Somebody must love this genocide thing; how else could it continue in Darfur?

There are few voices here and there, though, that continue to raise alarm about Darfur. Among these are few, easily recognizable as people of authority and respect; starting with President Bush, Secretary General Annan, Colin Powel, George Clooney and others.

But these voices have proven insufficient to wake the conscience of the world up.  The reality is what it has been from the start, plain genocide.

The BBC quotes Secretary General Annan as saying that "the government (of Sudan) had renewed aerial bombing and had sent thousands of troops to the region….” naturally to decimate the resistance of the Sudanese Africans as the world watches.

Could it be that genocide is going on because it is happening to Africans?

Archbishop Desmond Tutu, a South African Nobel laureate and a man of faith must be thinking of the possibility.

"The harsh truth is that some lives are more important than others…. if you are of a darker hue you are always going to end up at the bottom of the pile" he said.

Archbishop Tutu has seen the parallel between what happened in Rwanda in 1994 and what is happening in Darfur now, and he fears that the international community, meaning the United Nations, again, cannot be persuaded to take forceful action; just like it didn’t when genocide raged on in Rwanda.

That lesson, so far as Darfur is concerned, is buried in history. In its stead is the complete disdain Sudan has for the AU, as evidenced by her demands.

Sudan, a so-called member of the AU, has the audacity to tell the AU how to behave:

"The AU force can remain in Darfur only if it accepts Arab League and Sudanese funding,” the Foreign Minister of Sudan, Ali Ahmed Kerti, was reported to have said last week.

And if the funding didn’t come?

The Foreign Minister also said the “AU does not have the authority to transfer the mission to the UN.”

The minister has given a thumb sketch of the world views on Africa; helpless, penniless, gutless and unimaginative leadership, in plain English.

Left to continue the minister’s diatribe was the Chinese Premier, Wen Jiabao, with a double-talk.

He said, “he backed the proposed deployment of the United Nations peacekeepers in strife-torn Darfur, but warned that Sudanese government consent was vital first.”

The Prime Minister knew the AU’s stand concerning the UN force as well as that of Sudan, so what was he saying or attempting to do, if not an attempt to muddy the water?

But the Chinese Premier’s intention came clear to some of us:  It was to leave the people of Darfur in an indeterminate state, never mind what the AU wanted.

Africans were being murdered in Sudan with the apparent consent of the Sudanese government and it had to be this government's consent that must be sought for? 

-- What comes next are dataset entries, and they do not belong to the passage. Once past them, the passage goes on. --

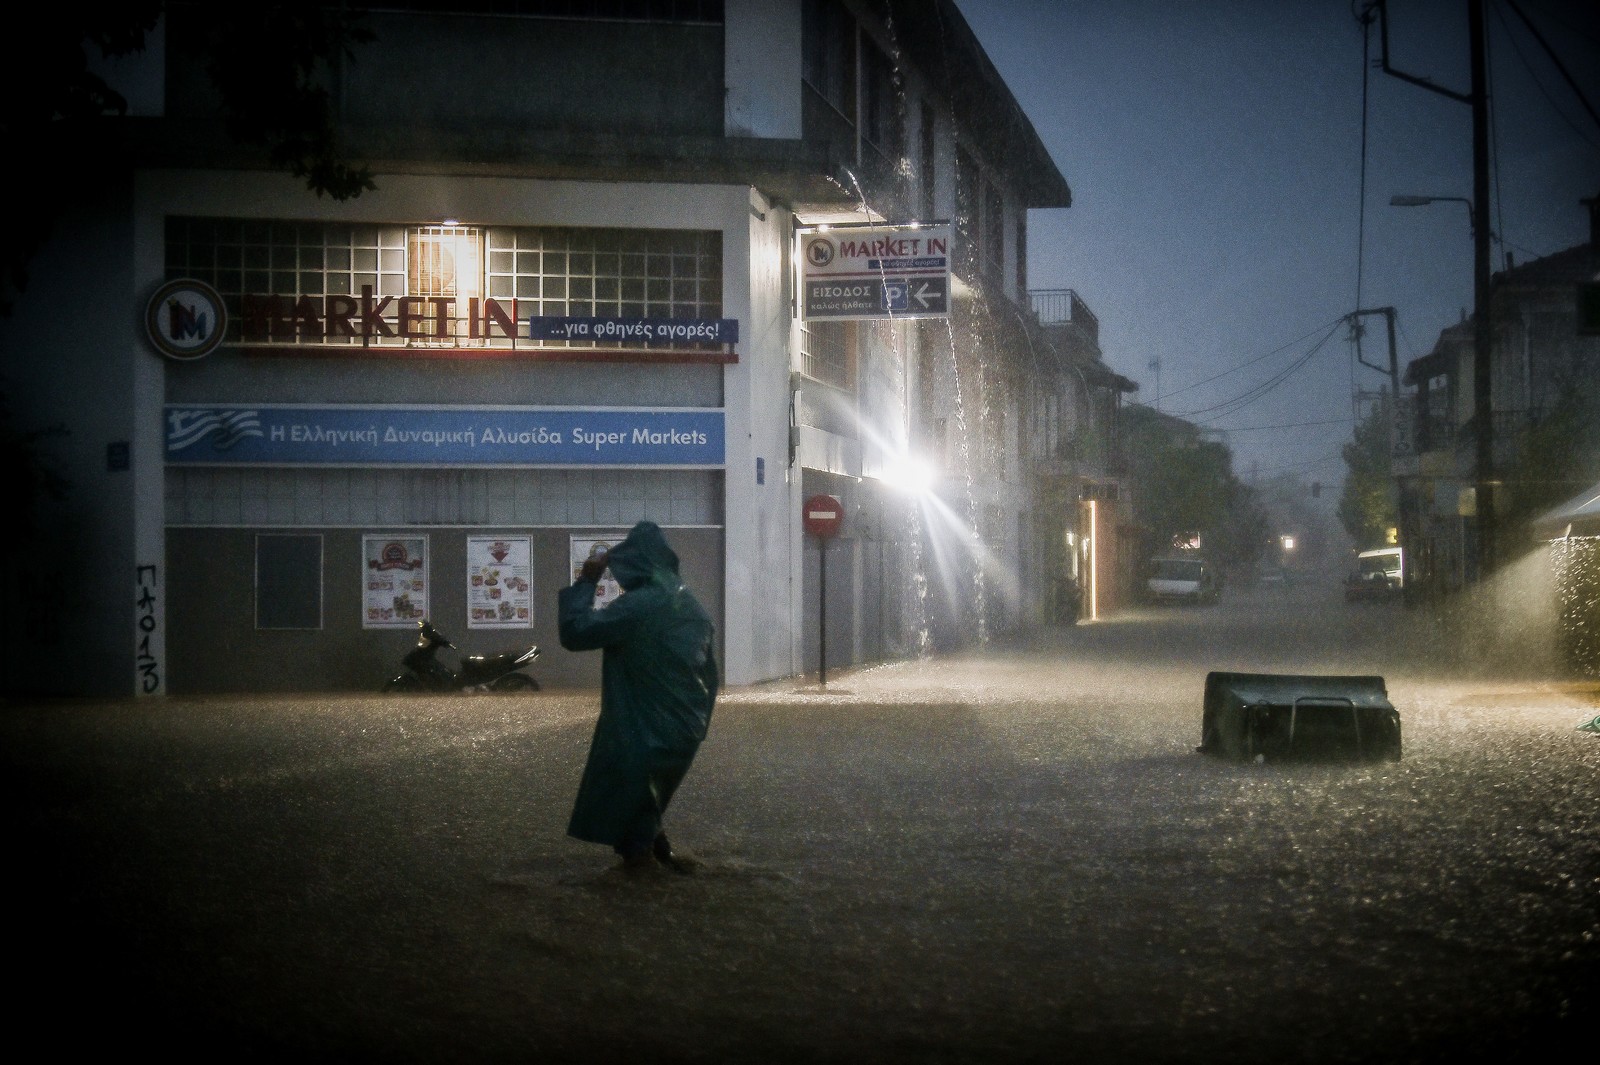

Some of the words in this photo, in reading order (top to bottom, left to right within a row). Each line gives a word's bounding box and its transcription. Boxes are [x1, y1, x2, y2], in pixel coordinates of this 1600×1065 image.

[840, 235, 920, 258] MARKET
[927, 238, 946, 255] IN
[813, 286, 871, 298] ΕΙΣΟΔΟΣ
[887, 287, 901, 302] P
[243, 284, 455, 340] MARKET
[468, 296, 518, 340] IN
[811, 301, 840, 310] καλώς
[550, 322, 589, 338] ...για
[594, 321, 653, 338] φθηνές
[657, 321, 720, 340] αγορές!
[291, 424, 377, 447] Ελληνική
[384, 425, 475, 447] Δυναμική
[481, 426, 562, 445] Αλυσίδα
[572, 427, 630, 451] Super
[632, 428, 707, 445] Markets

Sudan is part of Africa, but Africa is not an Arab colony.  Because events in Darfur are a continuing genocide against Africans, it is the duty of Africa to do something about it, regardless of what Sudan thinks. That was why the AU force went to the Darfur without the permission of the Arab League.

Let someone in Taiwan, not mainland China, remind the Chinese Premier, Wen Jiabao, that in Africa our concern is humanity first because of lessons learned in Rwanda.

As for the Arab League money, of course the AU can accept it.  Africa is known, among other things, for its penchant for “the cap in hand approach” to self-government.  So, the AU can accept the money from the Arab league. But the Arab League must not dictate how Africa acts to save its people in Darfur.